GOAL OF THE EXERCISE
Repeat the entries below exactly as they appear, with no pictures.

INFORMATION GIVEN
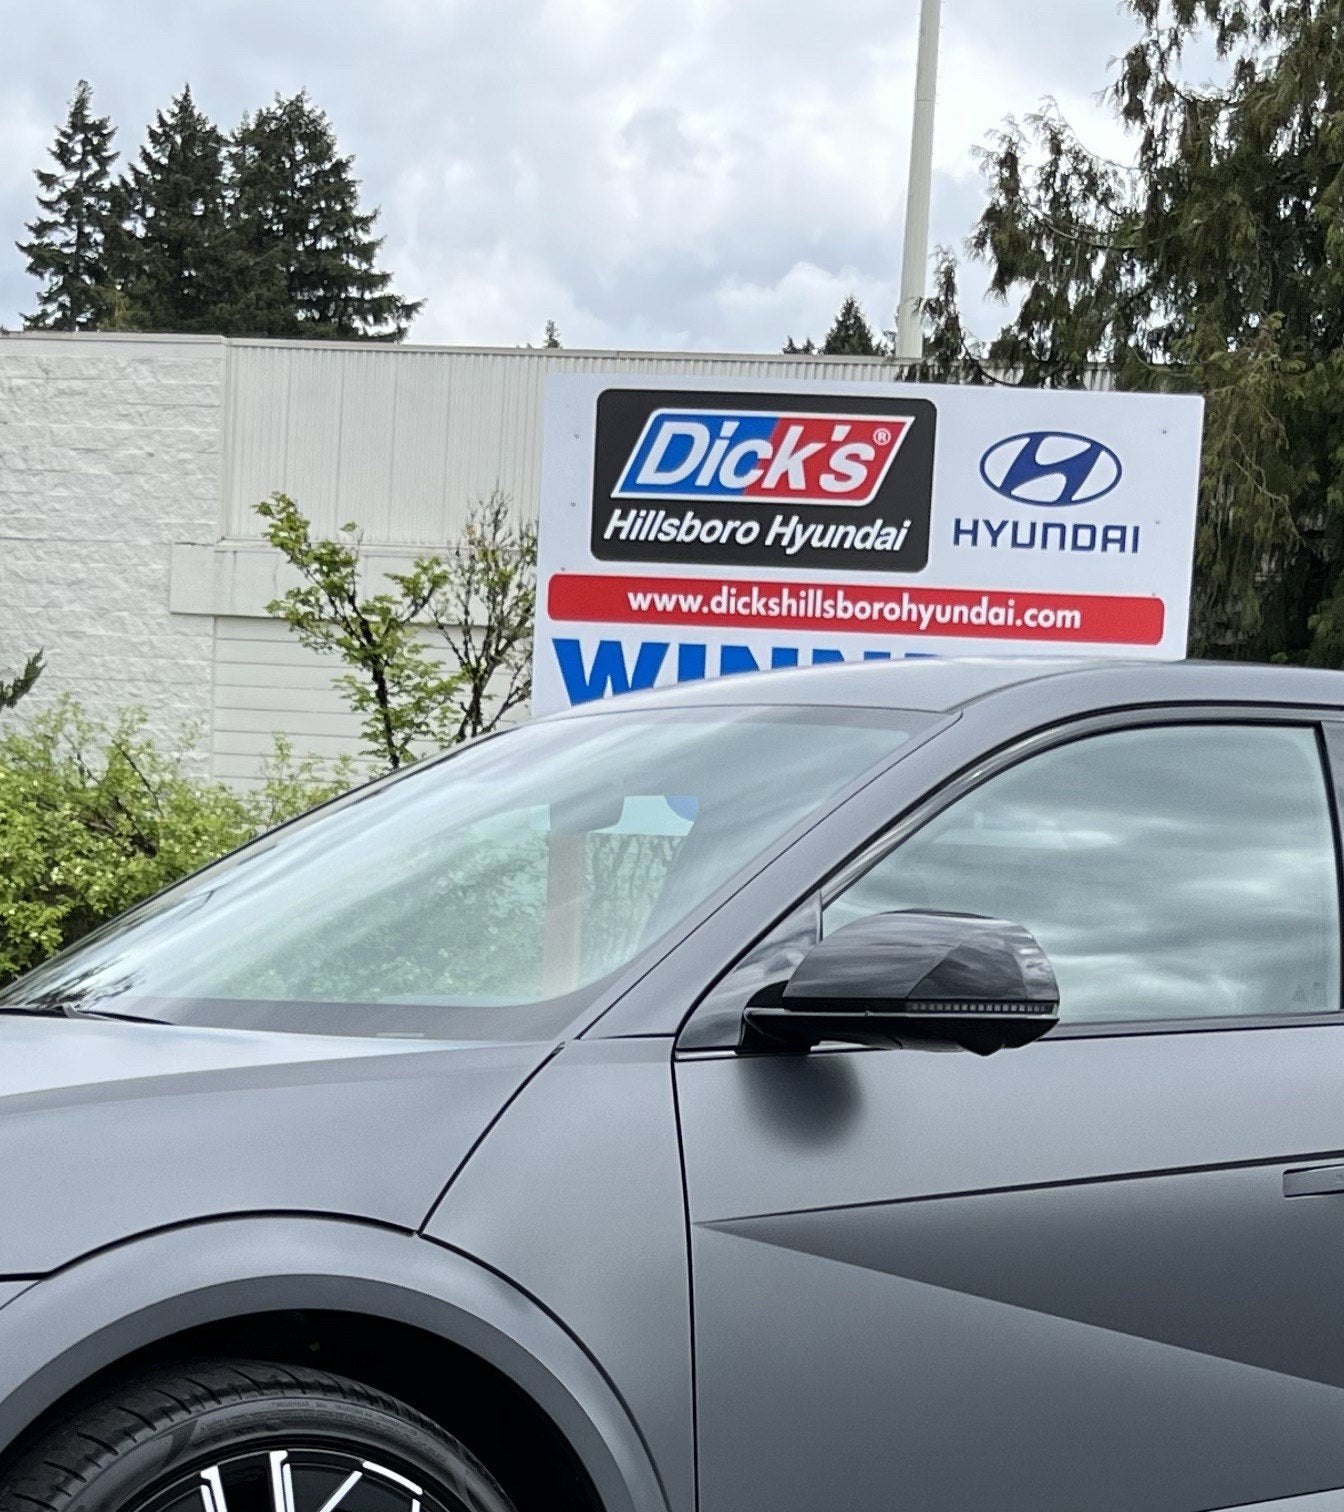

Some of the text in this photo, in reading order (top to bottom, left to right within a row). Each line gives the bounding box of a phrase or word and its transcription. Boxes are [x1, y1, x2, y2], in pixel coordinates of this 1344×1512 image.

[603, 509, 912, 555] Hillsboro Hyundai
[954, 518, 1140, 554] HYUNDAI
[628, 586, 1081, 630] www.dickshillsborohyundai.com
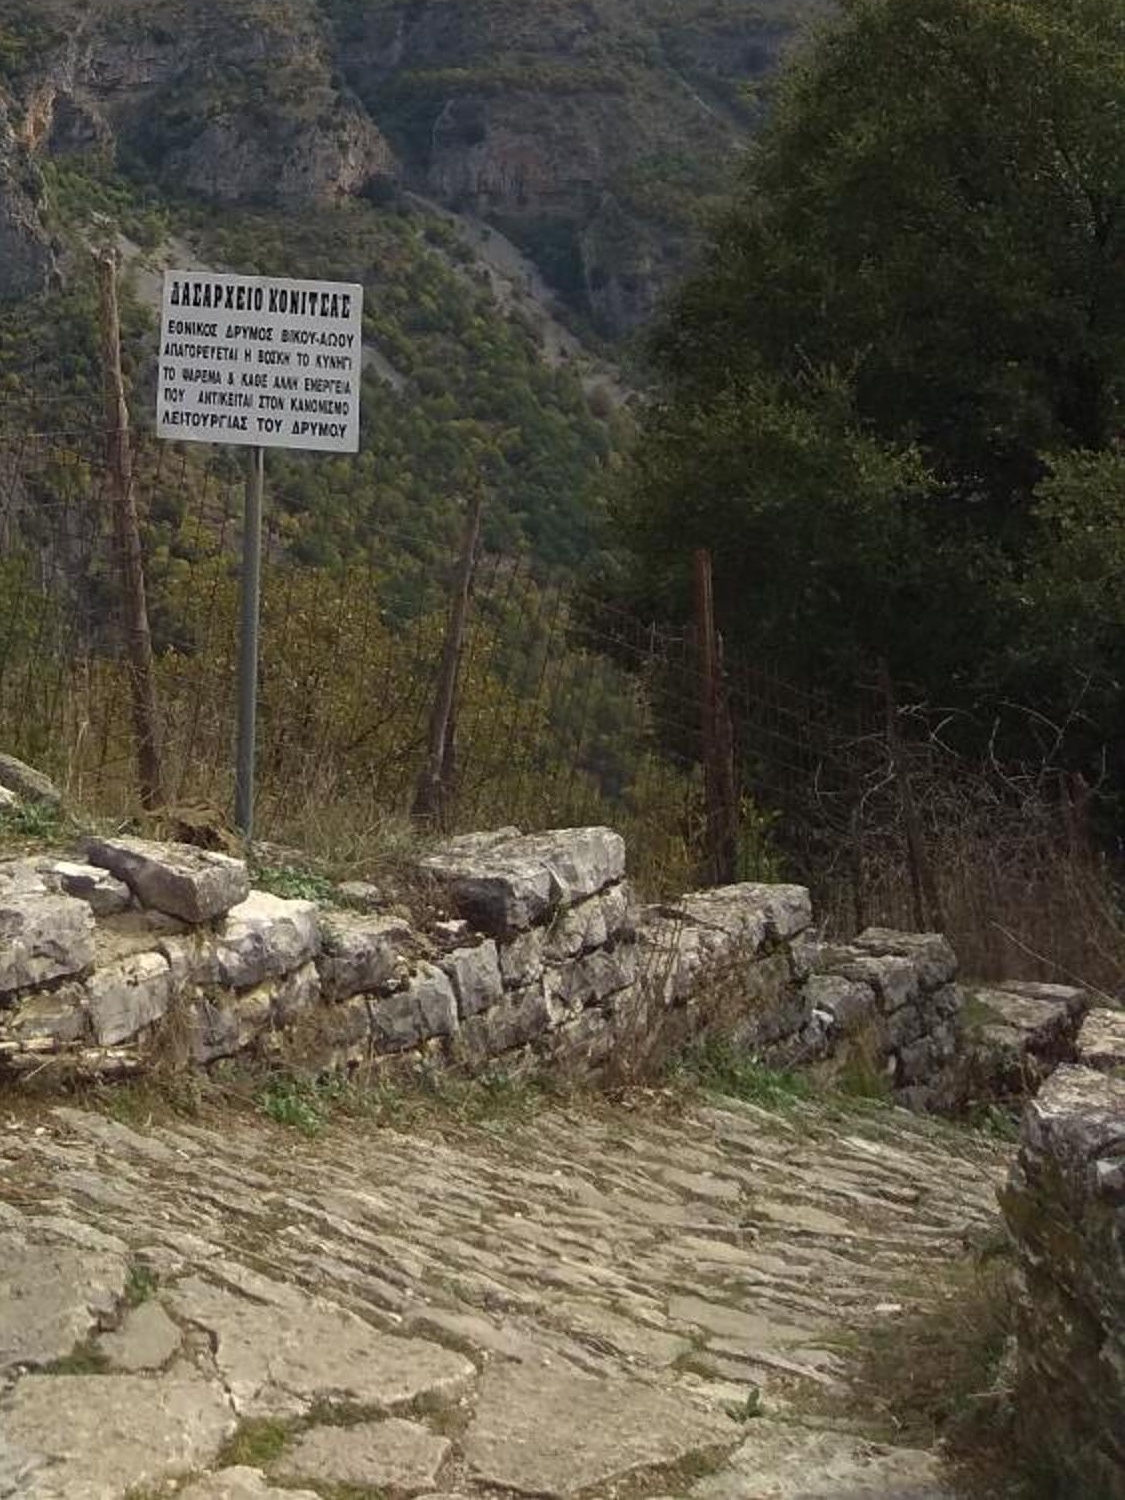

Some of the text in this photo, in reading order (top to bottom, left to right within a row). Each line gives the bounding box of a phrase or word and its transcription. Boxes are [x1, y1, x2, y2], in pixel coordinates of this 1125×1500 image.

[171, 282, 351, 318] ΔΑΣΑΡΧΕΙΟ ΚΟΝΙΤΣΑΣ
[168, 320, 217, 337] ΕΘΝΙΚΟΣ
[226, 325, 273, 341] ΔΡΥΜΟΣ
[164, 343, 238, 360] ΑΠΑΓΟΡΕΥΕΤΑΙ
[297, 353, 310, 366] ΤΟ
[163, 366, 175, 380] ΤΟ
[241, 373, 268, 388] ΚΑΘΕ
[164, 387, 349, 415] ΠΟΥ ΑΝΤΙΚΕΙΤΑΙ ΣΤΟΝ ΚΑΝΟΝΙΣΜΟ
[162, 410, 347, 438] ΛΕΙΤΟΥΡΓΙΑΣ ΤΟΥ ΔΡΥΜΟΥ

EXERCISE OUTPUT
Some of the text in this photo, in reading order (top to bottom, left to right within a row). Each line gives the bounding box of a phrase or word and its transcription. Boxes are [x1, y1, x2, y2], in pixel coordinates of this 1344×1512 image.

[603, 509, 912, 555] Hillsboro Hyundai
[954, 518, 1140, 554] HYUNDAI
[628, 586, 1081, 630] www.dickshillsborohyundai.com

Some of the text in this photo, in reading order (top to bottom, left to right within a row). Each line gives the bounding box of a phrase or word and its transcription. Boxes are [x1, y1, x2, y2], in pixel coordinates of this 1125×1500 image.

[171, 282, 351, 318] ΔΑΣΑΡΧΕΙΟ ΚΟΝΙΤΣΑΣ
[168, 320, 217, 337] ΕΘΝΙΚΟΣ
[226, 325, 273, 341] ΔΡΥΜΟΣ
[164, 343, 238, 360] ΑΠΑΓΟΡΕΥΕΤΑΙ
[297, 353, 310, 366] ΤΟ
[163, 366, 175, 380] ΤΟ
[241, 373, 268, 388] ΚΑΘΕ
[164, 387, 349, 415] ΠΟΥ ΑΝΤΙΚΕΙΤΑΙ ΣΤΟΝ ΚΑΝΟΝΙΣΜΟ
[162, 410, 347, 438] ΛΕΙΤΟΥΡΓΙΑΣ ΤΟΥ ΔΡΥΜΟΥ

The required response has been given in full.